The year 2026 might finally be the year of the Linux desktop – especially for those who are unable / unwilling to dump their old Windows 10 machines and buy new hardware that is compatible with Windows 11.
Having used Ubuntu on desktop for nearly 3 years, I recently decided to return to Linux Mint (used it previously between 2017 and 2019) and give it another go. To its credit, it has a deserved reputation of being a stable and uncomplicated OS, with a relatively easy installation process.
This post will focus on listing and evaluating some native Linux applications (all tested on Linux Mint) that I found useful for OSINT research and that I tested out hands on, using the opportunity of this fresh OS installation. Some of those applications are just plain useful for other day to day things.
NOTE: All installations on Mint were done via Flathub, but you can also pull a lot of these from Github or similar direct sources.
GUI Applications
Bitwarden & KeePass2 – two very solid password managers with great reputation for security and reliability. Bitwarden can be used as a browser extension, while KeePass can be used fully offline for maximum privacy and control of the infomation (KeePassXC). Ideally, you should be using one as your main password manager, while the other will contain login credentials for all your OSINT accounts.

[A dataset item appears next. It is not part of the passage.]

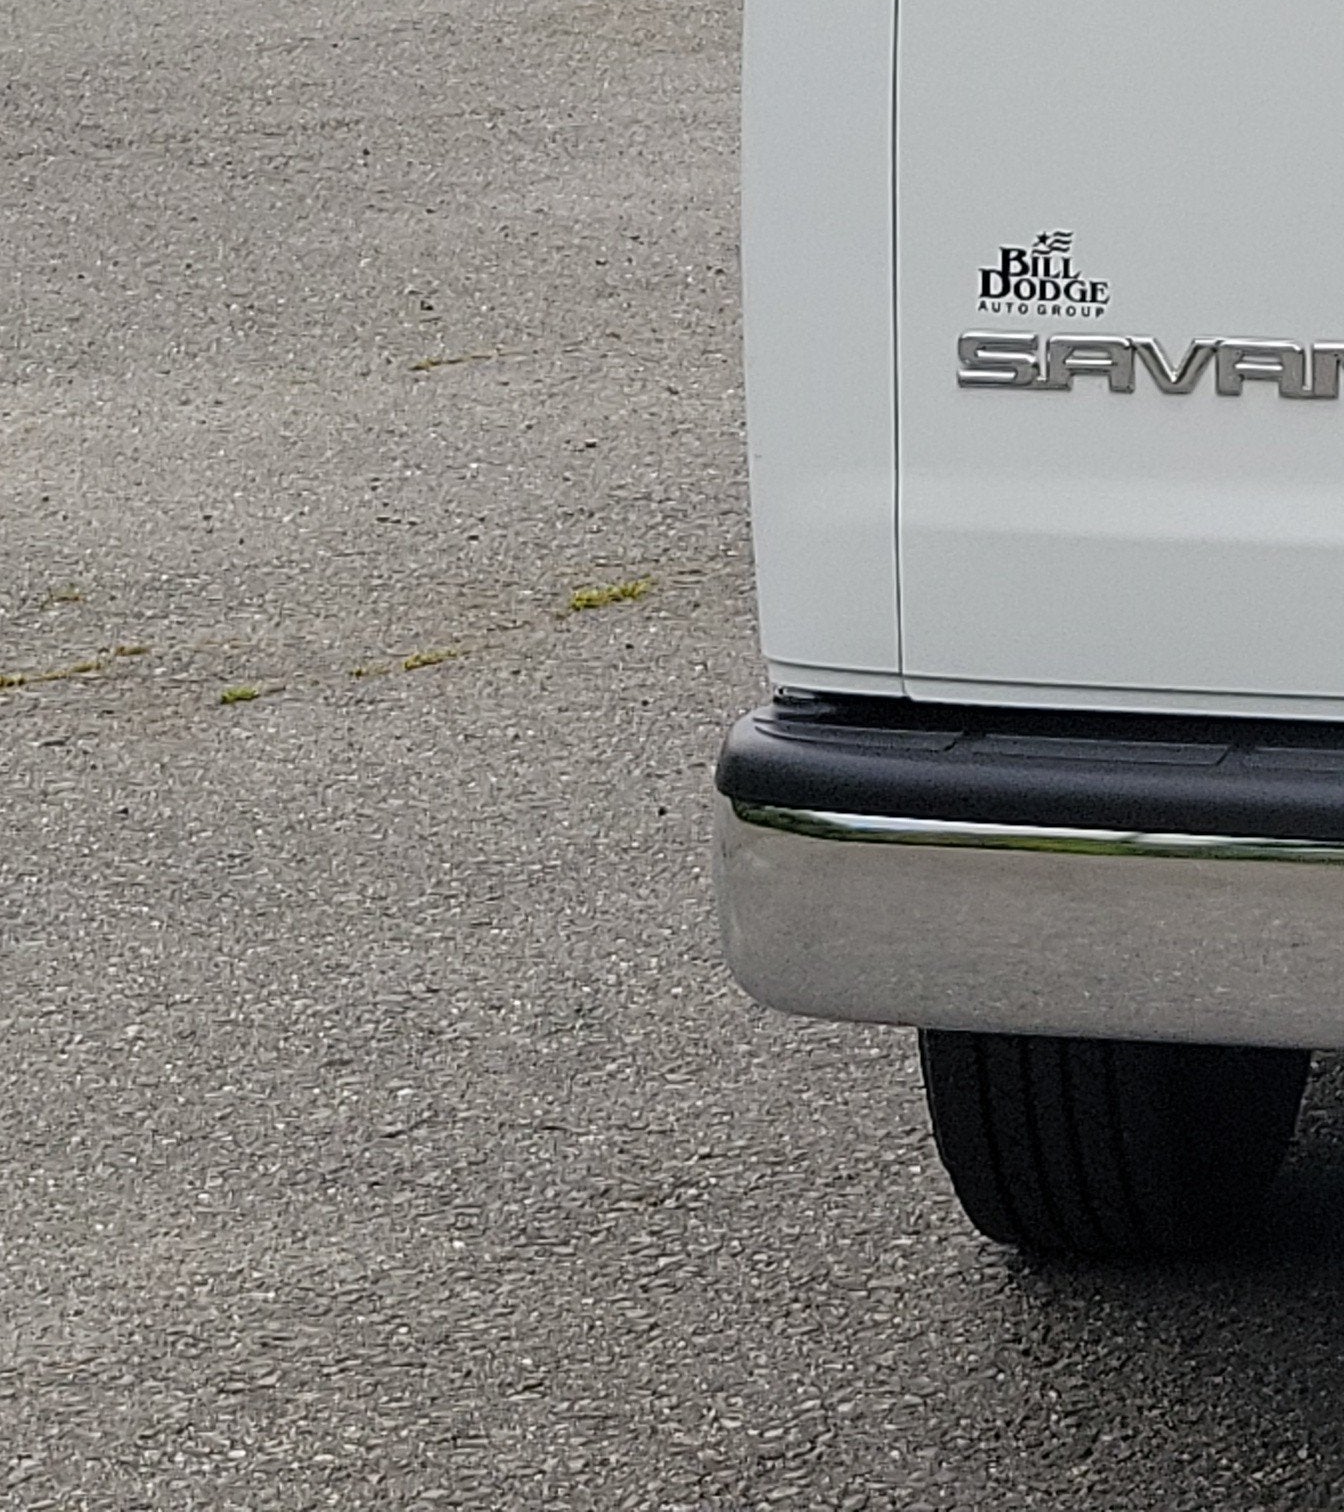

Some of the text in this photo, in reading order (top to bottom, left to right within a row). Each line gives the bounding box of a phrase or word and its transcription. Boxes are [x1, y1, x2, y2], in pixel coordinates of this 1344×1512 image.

[999, 246, 1081, 279] BILL
[978, 268, 1110, 304] DODGE
[978, 300, 1105, 318] AUTO GROUP

Wireshark – used to capture and inspect data packets traveling across a network. Its use case for OSINT is narrow enough, because Wireshark must have direct access to the network it will monitor. At the same time, it allows you to collect information captured from outbound connections that you can then probe further using WHOIS databases, VirusTotal, Shodan, or passive DNS records.
Tor Browser – essential for anybody involved in conducting darkweb investigations. Word of caution – don’t install add-ons or plugins into your Tor Browser, as doing so might affect your privacy!
FreeTube – a privacy oriented YouTube client that allows you to utilise the best features of YouTube while suppressing the worst ones – this means forced logins, tracking, advertising, etc. FreeTube will load the YouTube’s elements separately: videos, comments, likes and others can now be interacted with while not even logged in to YouTube (you don’t need a Google account anymore to log in). YouTube doesn’t like the above, this is why sometimes you might encounter IP blocking when playing multiple videos in sequence – so switch your IPs using a VPN to overcome this.
ytDownloader – does exactly what it says on the tin – this tool downloads YouTube videos. Not only videos by the way, you can download soundtrack from YT videos and save them as MP4 or MP3. The GUI app will take input directly from your clipboard.
Frog – a handy tool for extracting text from documents, images, videos, QR codes, websites and other sources. Decoding QR codes is particularly useful if you are investigating suspected malicious links and don’t want to use your smart phone.
Upscayl – this is an open-source AI-powered image upscaling tool that is meant to both enlarge & enhance images – while preserving (or improving) the details. At least in theory. It can have practical applications in online visual investigations, but the key issue that arises is the question of how much of the upscaled details are generated (made up) by AI to “fill the gaps”. I have tested it on three types of images – landscapes, animals and close up blurry photos of human faces. My results were mixed – basically, don’t expect this to be an AI wonder tool with groundbreaking capabilities. However, it does work sometimes on images that have decent lighting and aren’t overloaded with details. It can sharpen some of the contours and highlight certain elements with extra exposure; see example below:
GIMP – GNU Image Manipulation Program, another one for helping visual investigations. I used it in the past successfully for cleaning up screenshots and images, removing blur, highlighting details, etc. Important thing to remember – this is not a specific investigations or image forensics tool, its utility lies in the versatility it offers as a general purpose graphics tool.
Lenspect – one of my new favourites from this entire list. Lenspect is a native GUI VirusTotal client, and the first of its kind for Linux (but frankly speaking, I have never seen anything like it on any other OS). This tool’s release is timely and follows in the footsteps of a VirusTotal blog post from the 8th of October, announcing free API access for individual researchers, academics, educators – basically, the wider VirusTotal community of unpaid users.
All you need to do is get your free API key from your VirusTotal account (anonymous registration from non-corporate email accounts is allowed!), plug it into Lenspect and you can now freely scan URLs and upload files for analysis from the GUI client, without ever having to go to the VirusTotal website. Bear in mind, the free API has certain limitations: you are allowed 4 lookups / min and your daily quota is 500 lookups / day. That is still plenty for an individual OSINT researcher.
Zenmap – this is the user friendly GUI for the classic command line tool nmap, useful for port scanning, host discovery, network mapping, OS fingerprinting and more. One thing that might be problematic when running Zenmap via GUI is the fact that some features will require sudo permissions.
Notesnook – a cross-platform note taking app that offers end-to-end encryption – this one is a great choice for taking investigative notes, collecting links, etc. Offers handy features like the ability to link notes (or even just paragraphs) to other notes, making it suitable for more complex tasks, project management and so on.